**Your assignment**:
Give the listing again word for word, excluding the pictures it contains.

**Task material**:
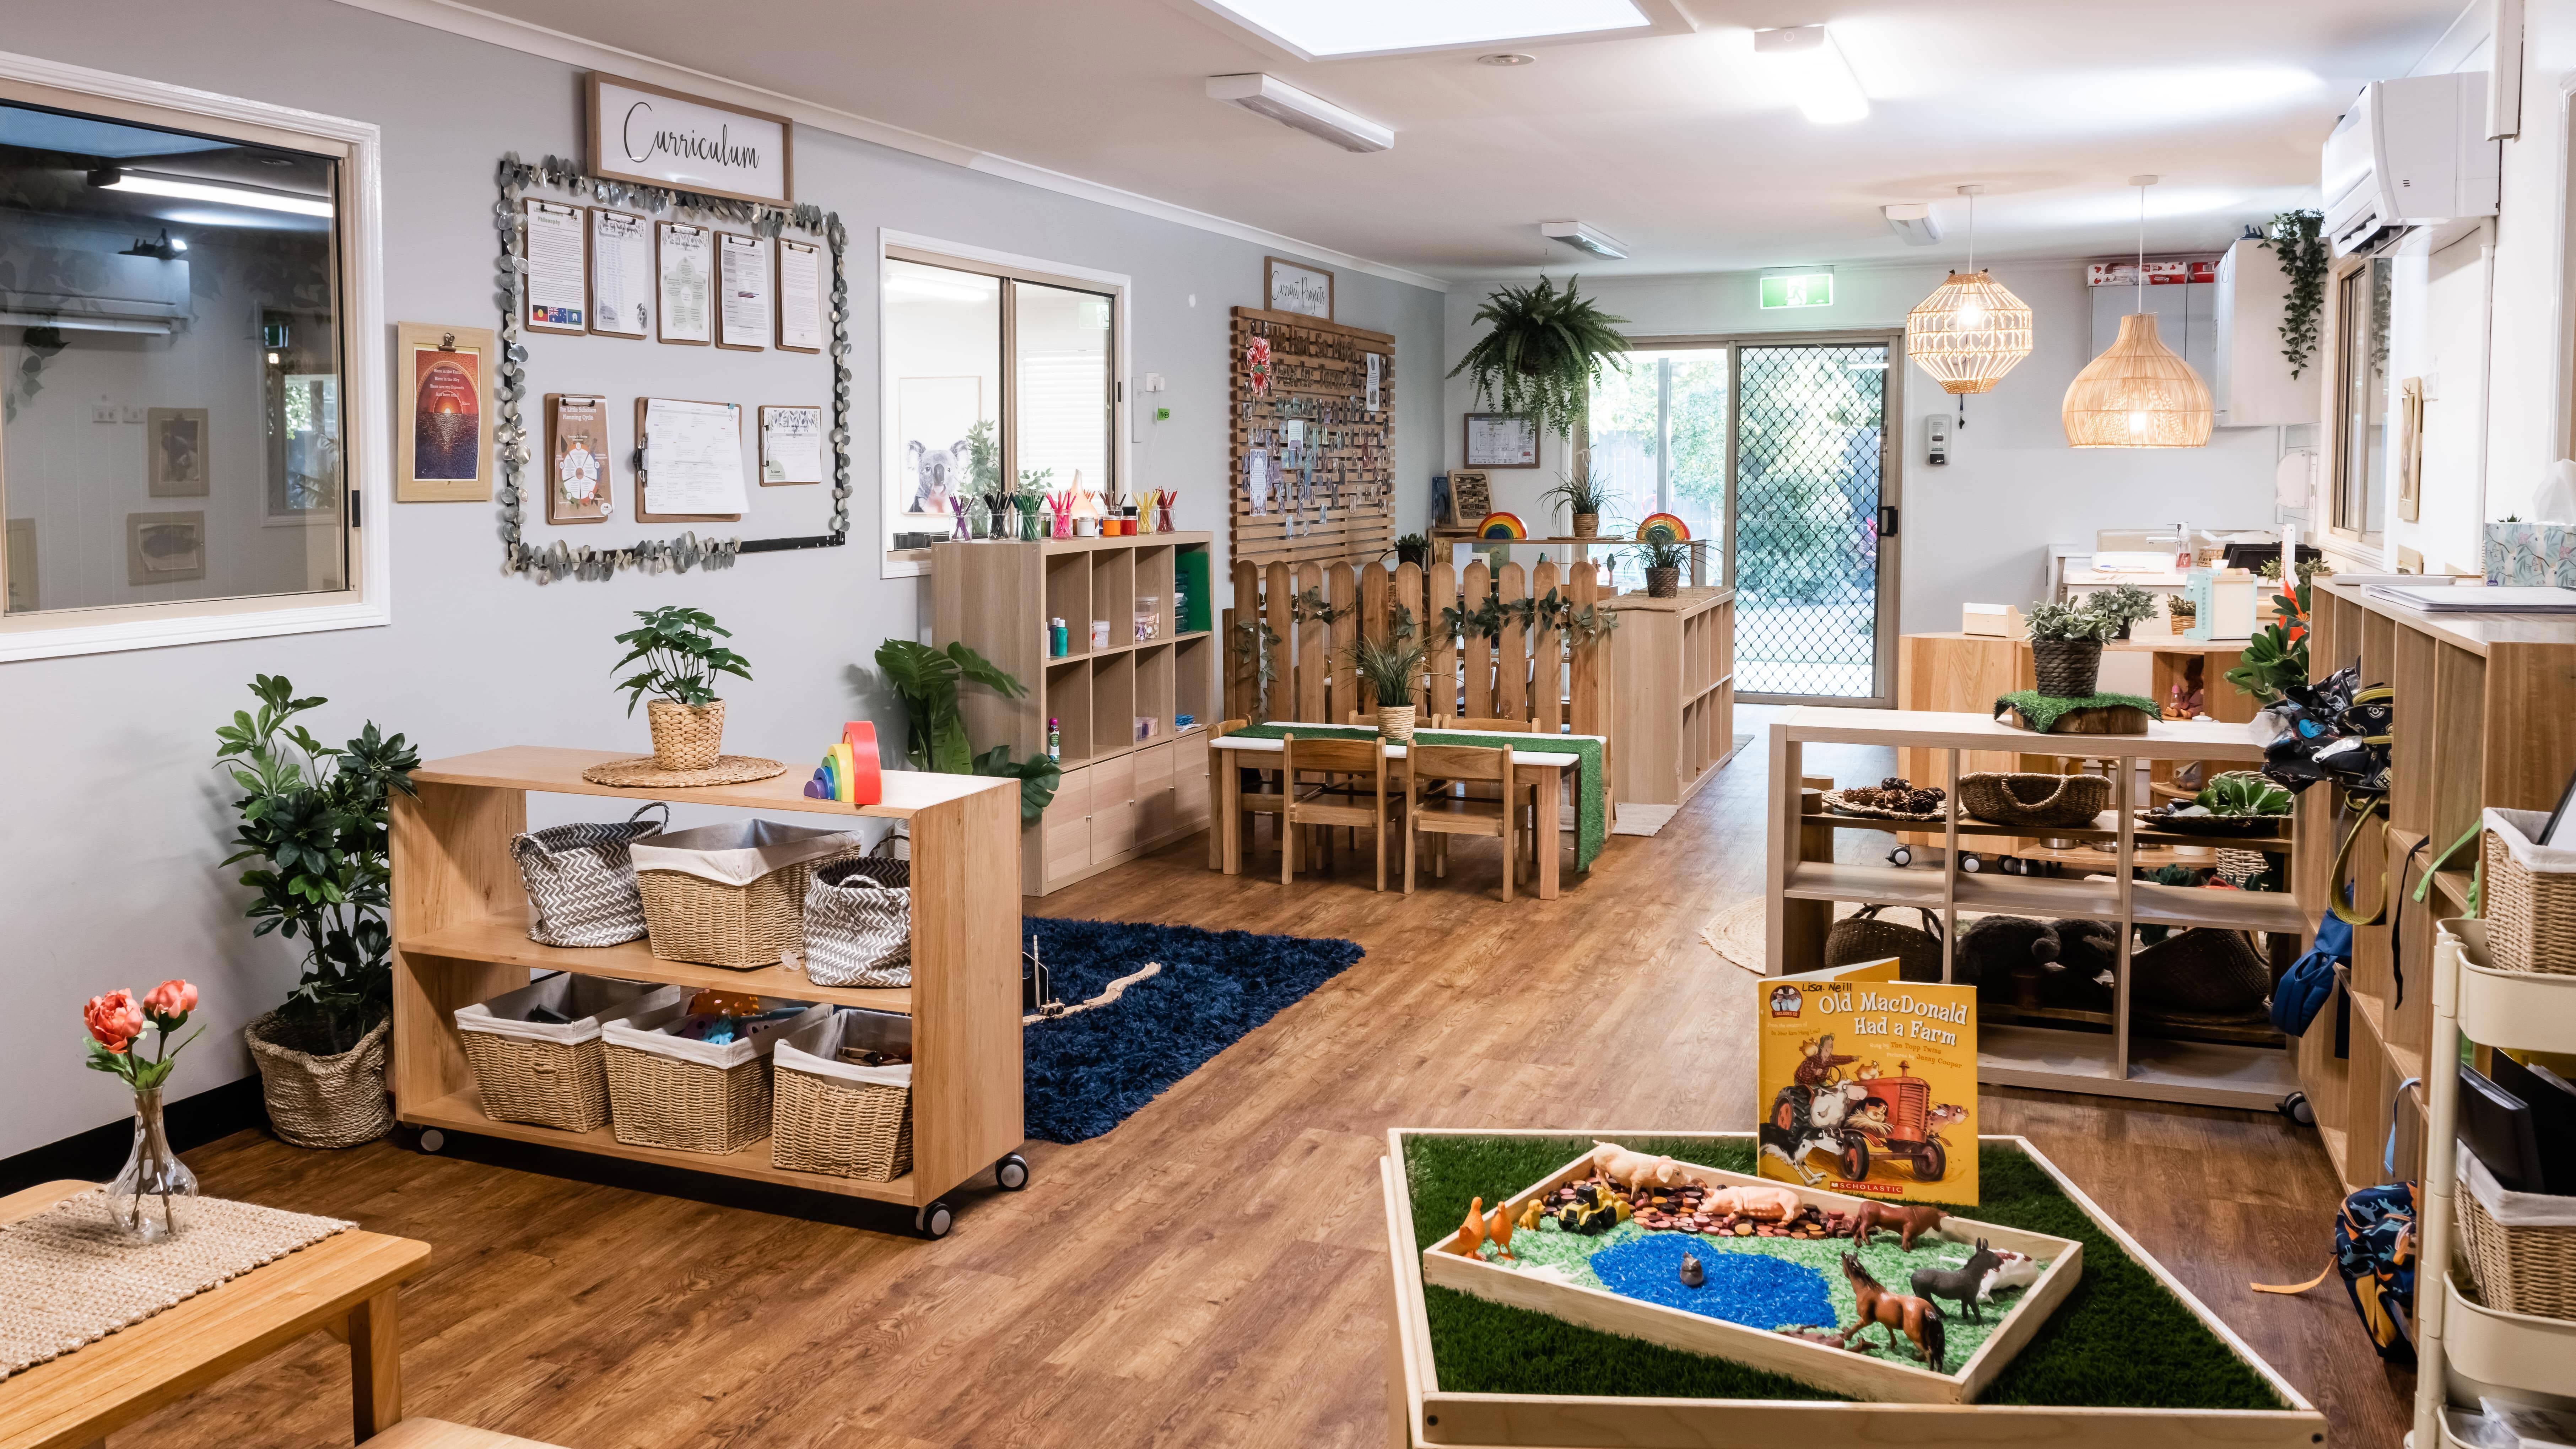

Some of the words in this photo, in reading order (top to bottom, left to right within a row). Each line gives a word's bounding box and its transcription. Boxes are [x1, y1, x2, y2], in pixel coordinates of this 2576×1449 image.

[624, 102, 760, 169] Curriculum
[538, 216, 560, 226] Philosophy
[1271, 270, 1300, 300] Current
[1302, 276, 1325, 315] Projects
[1829, 983, 1852, 993] Neill
[1818, 993, 1853, 1014] Old
[1860, 992, 1968, 1026] MacDonald
[1854, 1016, 1888, 1035] Had
[1894, 1023, 1903, 1037] a
[1910, 1020, 1957, 1047] Farm
[1905, 1043, 1921, 1052] Topp
[1923, 1045, 1942, 1054] Twins
[1916, 1054, 1935, 1065] Jenny
[1938, 1058, 1962, 1069] Cooper
[1840, 1183, 1902, 1193] SCHOLASTIC

**Written response**:
Some of the words in this photo, in reading order (top to bottom, left to right within a row). Each line gives a word's bounding box and its transcription. Boxes are [x1, y1, x2, y2], in pixel coordinates of this 2576×1449 image.

[624, 102, 760, 169] Curriculum
[538, 216, 560, 226] Philosophy
[1271, 270, 1300, 300] Current
[1302, 276, 1325, 315] Projects
[1829, 983, 1852, 993] Neill
[1818, 993, 1853, 1014] Old
[1860, 992, 1968, 1026] MacDonald
[1854, 1016, 1888, 1035] Had
[1894, 1023, 1903, 1037] a
[1910, 1020, 1957, 1047] Farm
[1905, 1043, 1921, 1052] Topp
[1923, 1045, 1942, 1054] Twins
[1916, 1054, 1935, 1065] Jenny
[1938, 1058, 1962, 1069] Cooper
[1840, 1183, 1902, 1193] SCHOLASTIC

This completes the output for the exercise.